Mississippi Gov. Phil Bryant joined the Family Research Council’s Tony Perkins on his “Washington Watch” program yesterday to discuss the criticism he’s been receiving for a law he signed that permits businesses in the state to refuse services to LGBT people and others.
Perkins told Bryan that the ACLU is suing the state over the new law because it only cares about religious freedom claims “that don’t conflict with its sexual agenda.”
“Well, of course,” Bryant said. “I mean, they cherry-pick these issues. If they had any integrity at all, they would say, ‘We understand Mississippi is actually trying to make sure that Christians and people of other faiths are not discriminated against.’ It is a nondiscriminatory law.
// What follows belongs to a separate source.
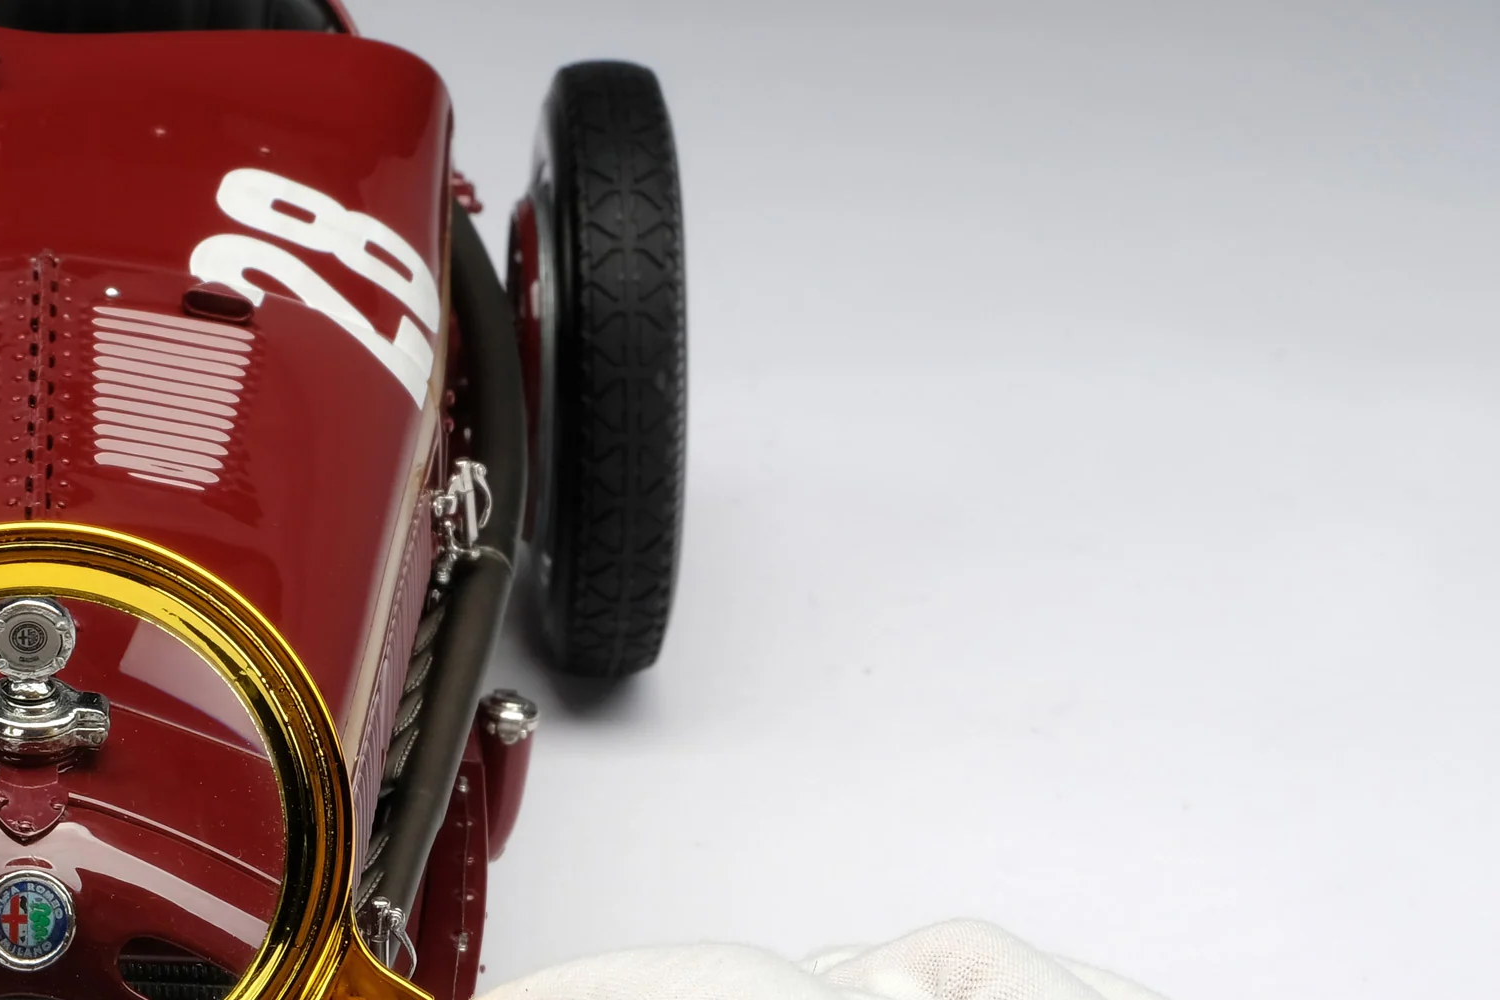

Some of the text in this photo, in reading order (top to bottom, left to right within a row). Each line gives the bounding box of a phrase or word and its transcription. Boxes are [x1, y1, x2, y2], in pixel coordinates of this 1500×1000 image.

[189, 167, 440, 409] 28
[27, 882, 64, 919] ROMEO
[0, 939, 53, 958] MILANO
It prevents discrimination against simply that segment of the population that has a deeply held religious view about marriage.”
He added that his “dear friend Pat McCrory,” the governor of North Carolina, is facing similar backlash for a sweeping bill aimed at removing legal protections for LGBT people.
“And we’re criticized, we’re threatened, we’re bullied, we’re told by corporations that we’re doing the wrong thing?” he asked. “Where on earth have we come to simply say, ‘I do not wish my daughter in her school or in her university to have to have a male in the shower and in the dressing room and in the restrooms.’”
He said, however, that he had some hope: “I think the rest of the nation is beginning to wake up and say, ‘What world do they think we’re living in? This is not Hollywood, this is not more liberal areas, this is America, where common sense still prevails.’”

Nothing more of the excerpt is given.